Here is a representation of the official map of P.L. 93-620. It shows the Park being extended upstream to the Paria, and downstream from the 1932 Monument. On the south, in the center, the cross-hatching shows the Havasuapai lands, repatriated and traditional use.


This was a huge step toward the recognition of the Greater Grand Canyon that reached another climax in 2023 when President Biden proclaimed Baaj Nwaavjo I'tah Kukveni National Monument in conjunction with the Associated Tribes of the Grand Canyon: Hopi, Havasupai, Hualapai, Southern Paiute, Navajo, Zuni, Yavapai-Apache.

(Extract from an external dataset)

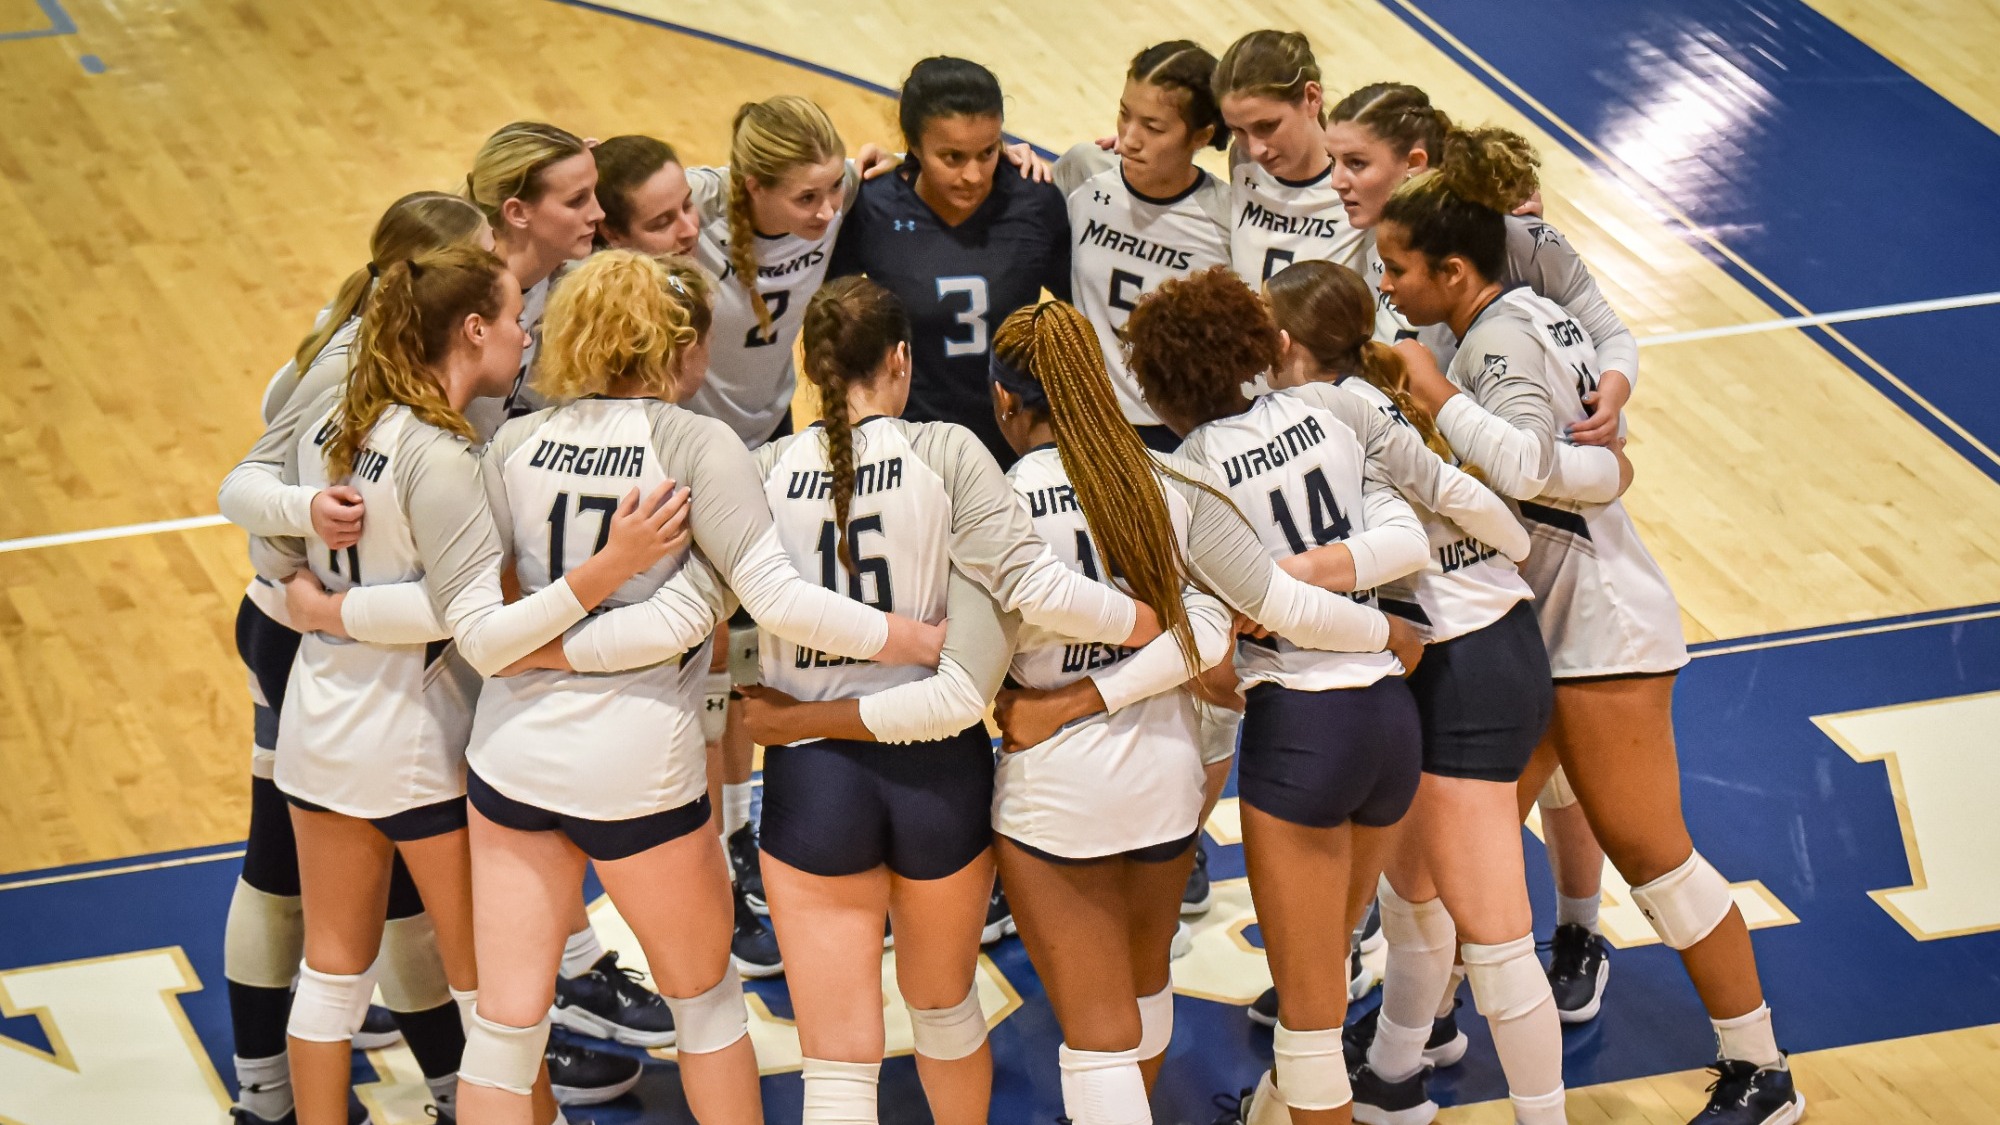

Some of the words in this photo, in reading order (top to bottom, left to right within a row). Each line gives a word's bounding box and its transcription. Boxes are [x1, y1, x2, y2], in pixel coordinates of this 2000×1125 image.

This Golden Anniversary pre-eminently deserves to be celebrated for righting the century-old Havasupai dispossession while educating the American nation to the rights, and a major, long grievous wrong done to one of the First Peoples of our continent.

During the 1972-75 legislative effort -- right up to the day of Ford's action--, the Havasupai struggle had to continue -- a struggle I have personal knowledge of and experience in. Over the decades since, the Havasupai have made clear (at least to me, a Park defender) the correctness of finally recognizing in national law their ancestral homeland as their permanent property.

Moreover, that 1975 action finalized a signficant turning point in our continuing great national environmental endeavor: to shift our views and actions about how to live on, not just the Greater Grand Canyon, but the entire Earth; -- this planet that even today we cannot bring ourselves whole-heartedly and whole-headedly (much less with our whole pocketbook) to protect from the ravages of human civilizing activities culminating in our times in the intensifying unpredictability and variation in the world-wide climate.

Thursday, February 22, 2024

Exploring how the Grand Canyon ends

draft - EXPLORING HOW THE GRAND CANYON ENDS - draft

From the Westernmost High Point, the view sweeps down and out, over the Sanup Plateau, reaching its farther edge some seven miles west where it drops 3500' in 1 1/2 - 2 miles to the water surface (of the reservoir or river, depending). That drop is a geological lesson, as shown in this piece of the 1982 edition of the stupendous, irreplaceable map done in the 1970's by Peter Huntoon and George Billingsley. (For orientation, keep track of that triangular flat in the middle at the top.)